[St. Pachomius Library]



According to most ancient philosophical schools, the material world is composed of a small number of fundamental substances or "elements". The Greeks generally counted four -- fire, earth, water, and air -- although some thinkers tried to reduce the number, and others added a "quintessence" or fifth element found only in the heavens. The idea of four elements should not be considered naive; it was very close to the modern concept of four states of matter ("air" meaning "gas", "water" meaning "liquid", "earth" meaning "solid", and "fire" meaning something very close to "plasma", a state of matter which physicists ignored for several centuries after rejecting the traditional scheme). The new scientific chemistry of the XVIII and XIX Centuries took a far more static and materialistic view of what an "element" might be, but in fact the multitude of chemical "elements" (like the "atoms" composing them) proved not to be quite as advertised, and the trend in physics has been toward a small number of fundamental particles and forces, much as in ancient thought.

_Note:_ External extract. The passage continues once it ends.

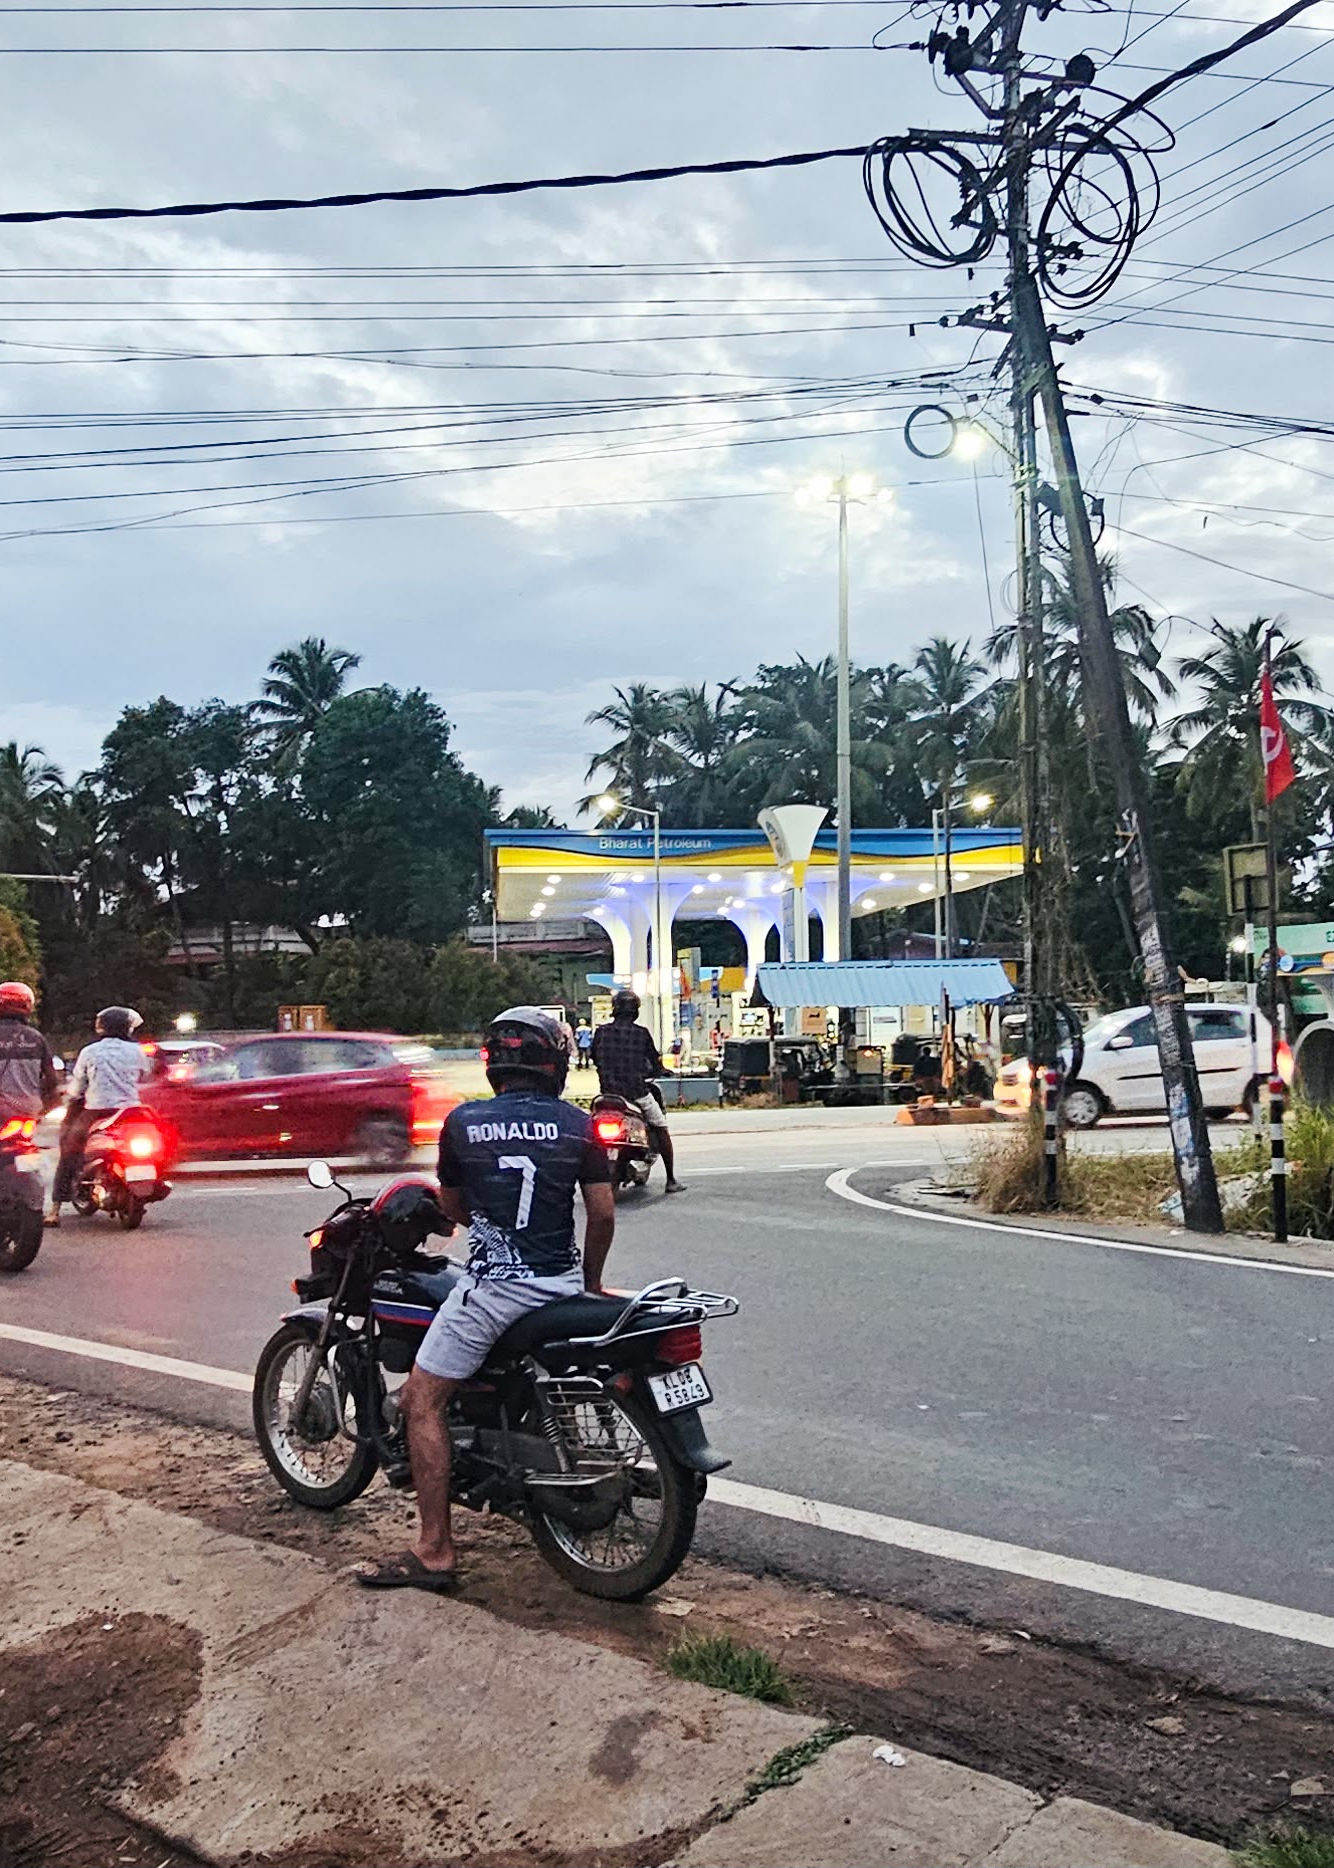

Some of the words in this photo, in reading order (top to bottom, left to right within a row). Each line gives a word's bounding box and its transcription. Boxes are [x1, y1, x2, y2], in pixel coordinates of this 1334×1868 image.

The Greek elements were vaguely associated with the regular polyhedra, rather as modern fundamental particles are associated with symmetry groups. The notion that there were four rather than just one offended many thinkers' sense of the unity of Nature, and there were various projects to "unify" them, much as there are searches for "unified field theories" today. Manipulating the elements was the goal of alchemy, in principle a legitimate secular science with applications to gold-making no more sordid than the application of modern physics to weaponry. However, the term "element" also had an occult connotation: the Neoplatonists in particular considered the elements to be in some sense alive, and a mythology about "elemental spirits" grew up in the borderland between science and magic.